An St. Louis Ballerina who "transcended everyone every time she danced" has been found dead two days after her abandoned…

An St. Louis Ballerina who “transcended everyone every time she danced” has been found dead two days after her abandoned car was discovered near a lake, officials said.

The lifeless body of Raffaella Maria Stroik, 23, was found in Mark Twain Lake in rural Monroe County around 9:40, according to the Missouri State Highway Patrol.

At a press conference Wednesday, Sgt. Eric Brown said there were no immediate signs of foul play.

“We see nothing that has given us a strong direction right now,” said Brown, according to Herald-Whig.

The dancer’s mysterious disappearance unfolded on Monday when a state park ranger found his 201

2 black Volkswagen Jetta uncovered in a parking lot near the lake.

A computer check showed that Stroik was not reported missing.

The next morning, a Missouri State Trooper site checked and found its car there, which resulted in a report of missing persons being submitted.

A pilot in a private plan who helped in the search for Stroik discovered his body in the lake.

She was last seen at a full meal in St. Petersburg. Louis suburb of town and country around 10.30 am on Monday.

An autopsy was expected to be completed on Thursday morning.

Domestic in South Bend, Indiana, had performed with St. Louis Ballet since 2017 and had the star in “Cinderella,” “Nutcracker” and “La Vie” with the company. She was also a former company member of the American Contemporary Ballet.

“May Raffaella rests in peace. She was a beautiful soul we all will miss deeply,” said St. Louis Ballet on his website.

In Indiana, Stroik landed the concert as Sugar Plum Fairy in 2012 and 2015 productions of The Nutcracker in Southold, South Bend Tribune reported.

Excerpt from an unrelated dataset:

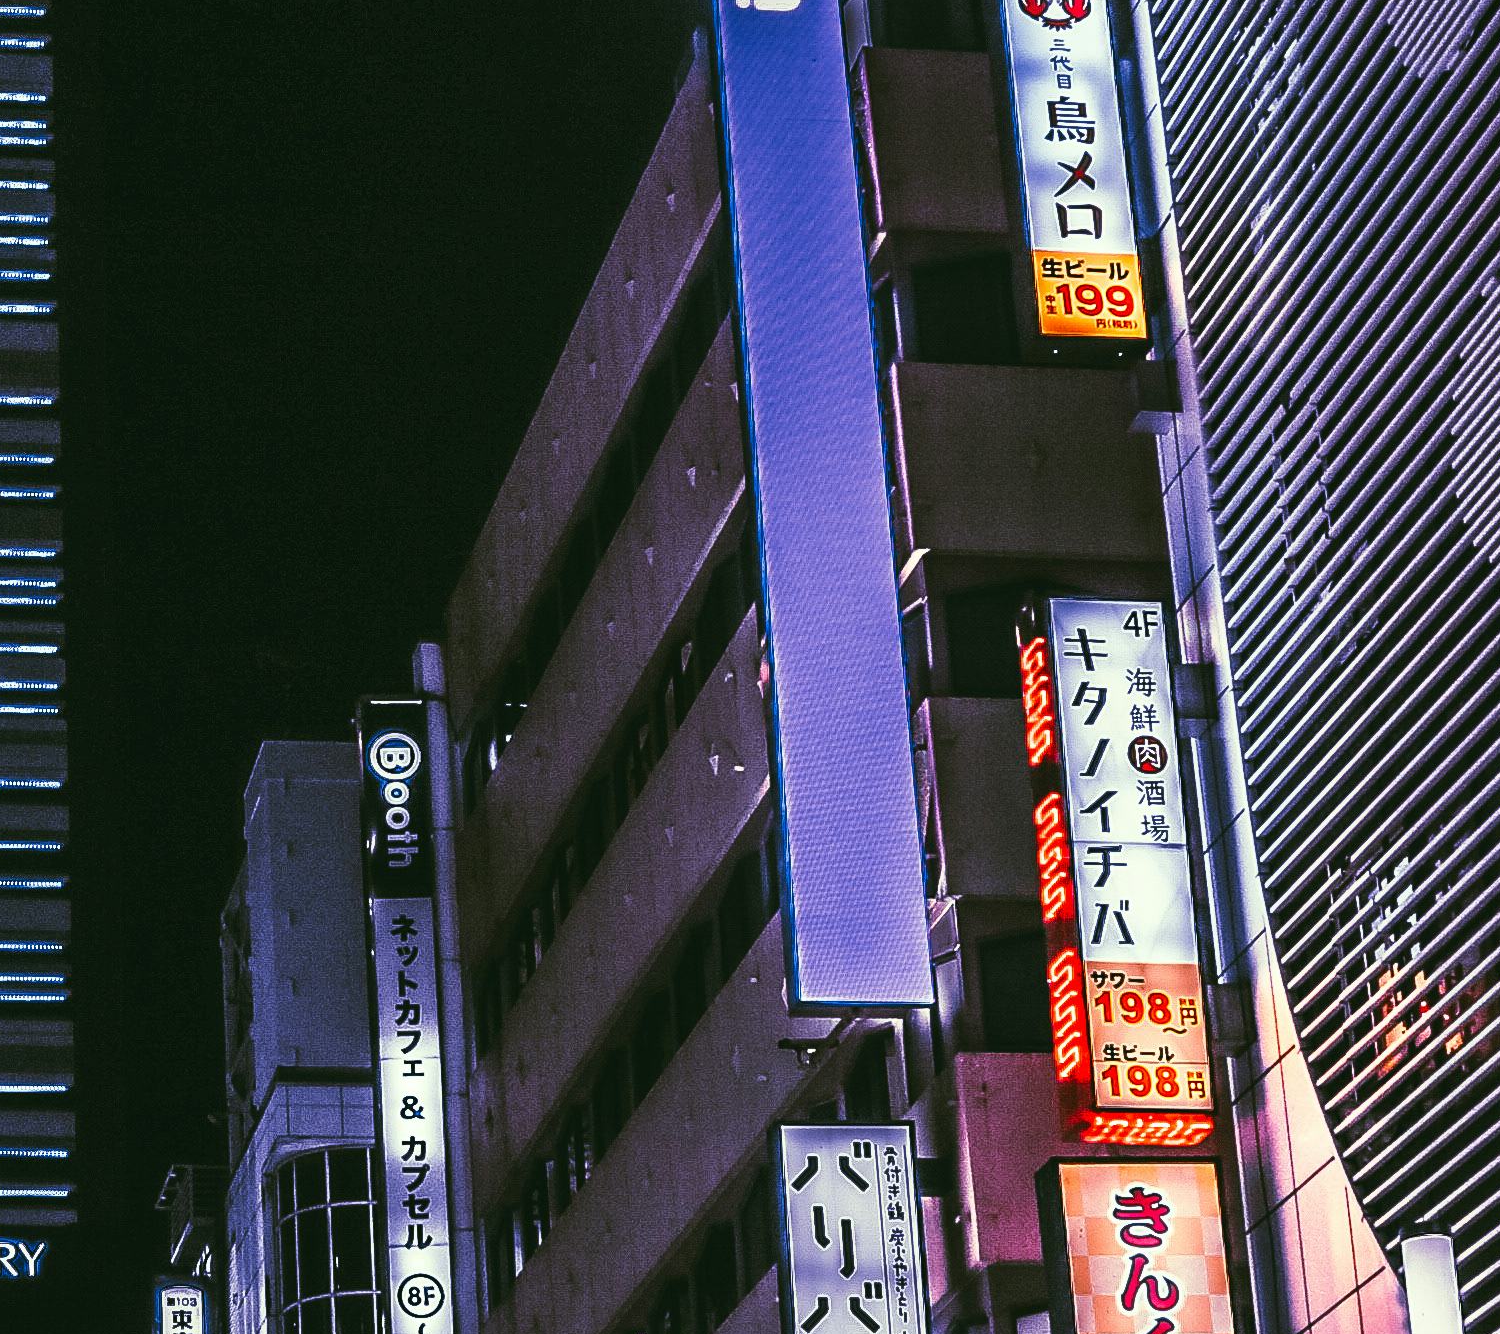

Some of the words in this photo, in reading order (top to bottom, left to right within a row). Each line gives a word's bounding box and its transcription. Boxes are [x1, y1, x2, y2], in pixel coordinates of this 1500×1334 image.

She was the daughter of Duncan Stroik, an architectural professor at the University of Notre Dame, who also owns an architectural firm in South Bend.

Former Southold artist director Erica Fischbach recalls the young dancer as someone who had “a very special artistic quality that is just unforgivable”.

“It’s almost like she surpassed every time she danced,” says Fischbach, now director of the Colorado Ballet Academy. “She gave something so special to everyone who looked at her that everyone just loved her. She would take people out of their lives and just look at her.”